Problem details: Copy everything in the records exactly; the pictures stay out.

Records to use:
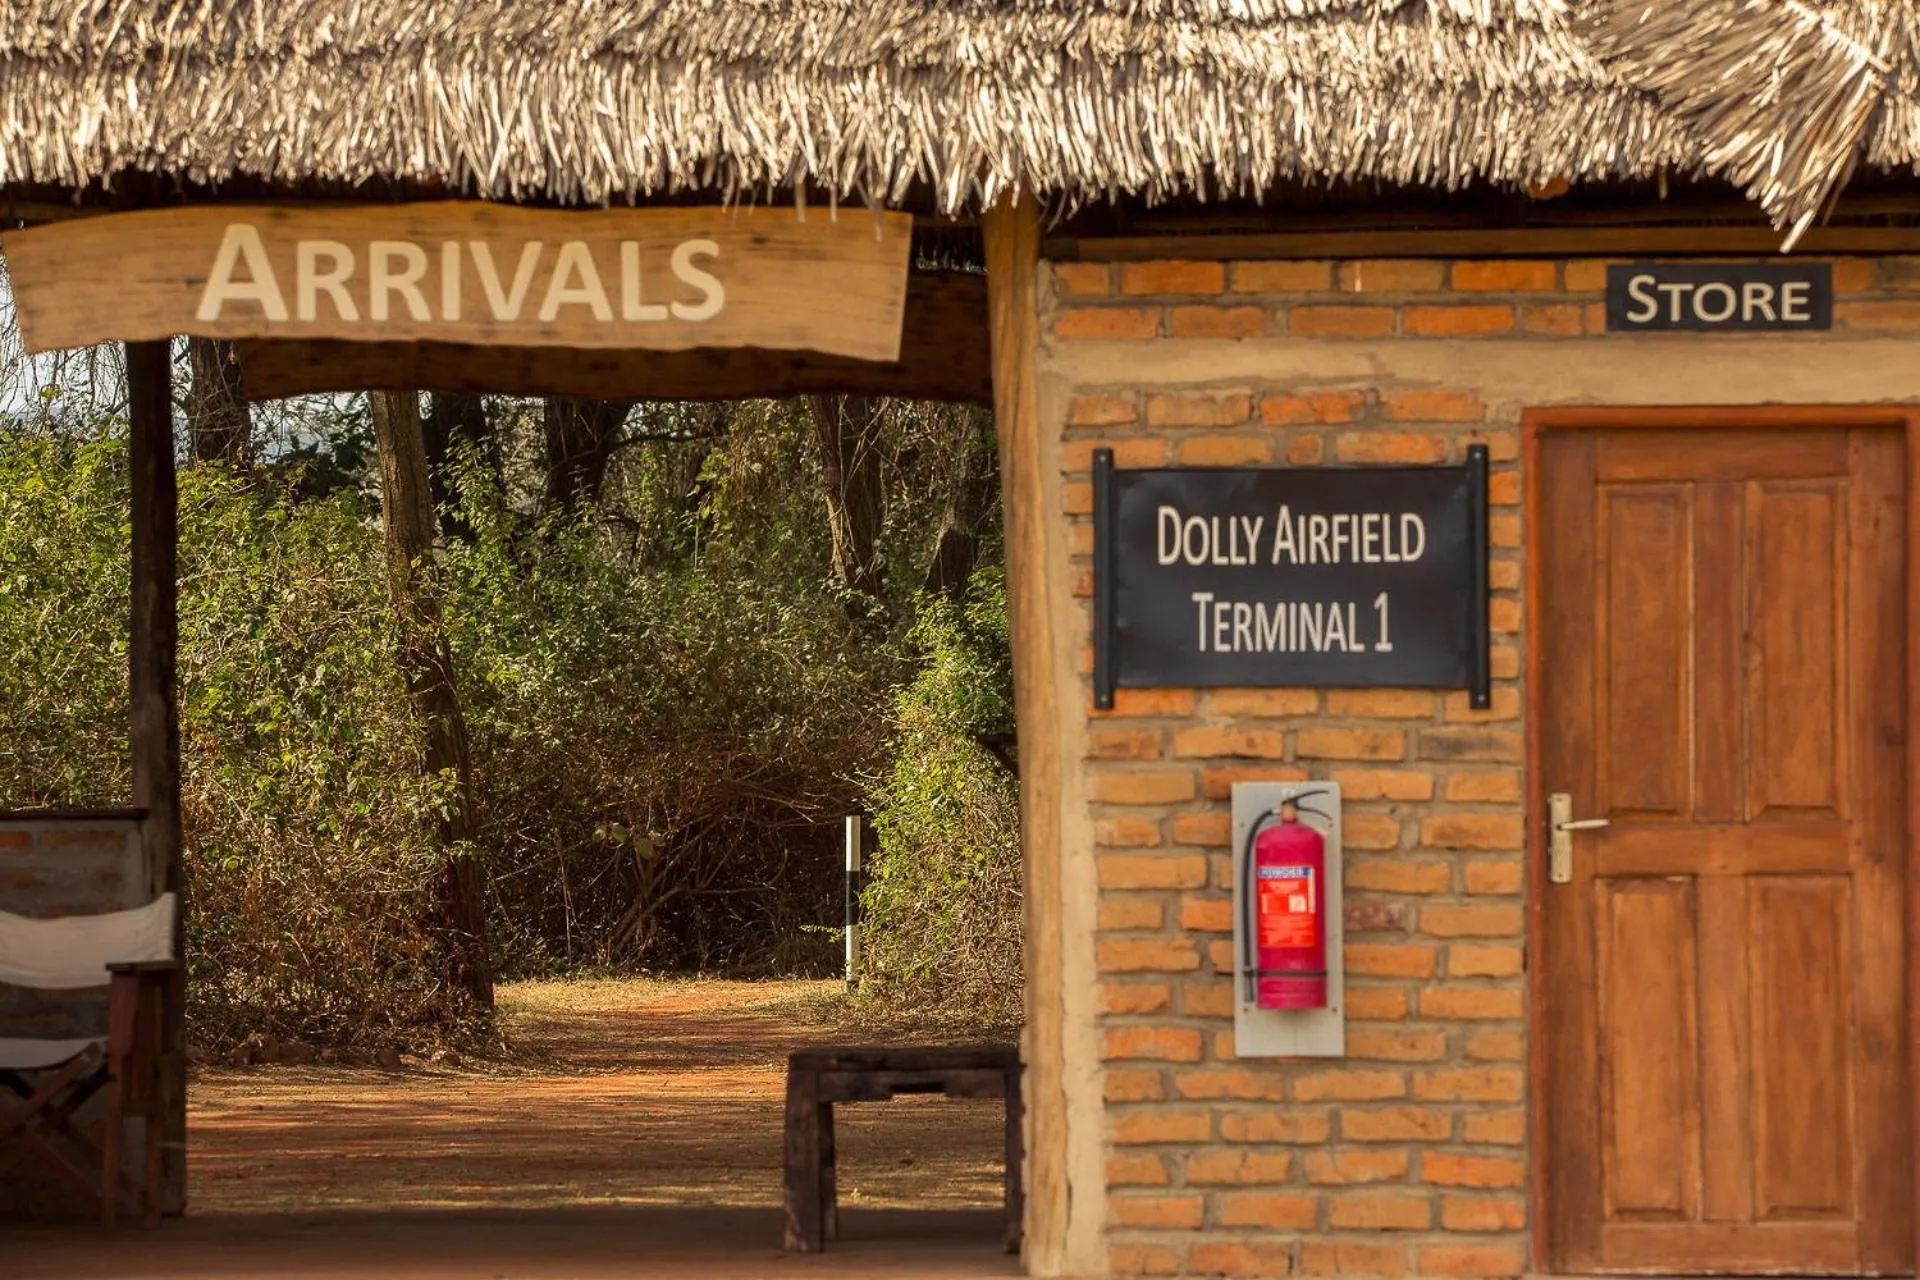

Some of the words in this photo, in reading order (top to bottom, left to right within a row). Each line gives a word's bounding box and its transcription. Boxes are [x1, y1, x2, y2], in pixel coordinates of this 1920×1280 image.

[197, 222, 726, 322] ARRIVALS
[1626, 274, 1811, 323] STORE
[1157, 505, 1264, 567] DOLLY
[1271, 504, 1427, 566] AIRFIELD
[1190, 591, 1367, 654] TERMINAL
[1373, 591, 1394, 653] 1

Solution to this problem:
Some of the words in this photo, in reading order (top to bottom, left to right within a row). Each line gives a word's bounding box and its transcription. Boxes are [x1, y1, x2, y2], in pixel coordinates of this 1920×1280 image.

[197, 222, 726, 322] ARRIVALS
[1626, 274, 1811, 323] STORE
[1157, 505, 1264, 567] DOLLY
[1271, 504, 1427, 566] AIRFIELD
[1190, 591, 1367, 654] TERMINAL
[1373, 591, 1394, 653] 1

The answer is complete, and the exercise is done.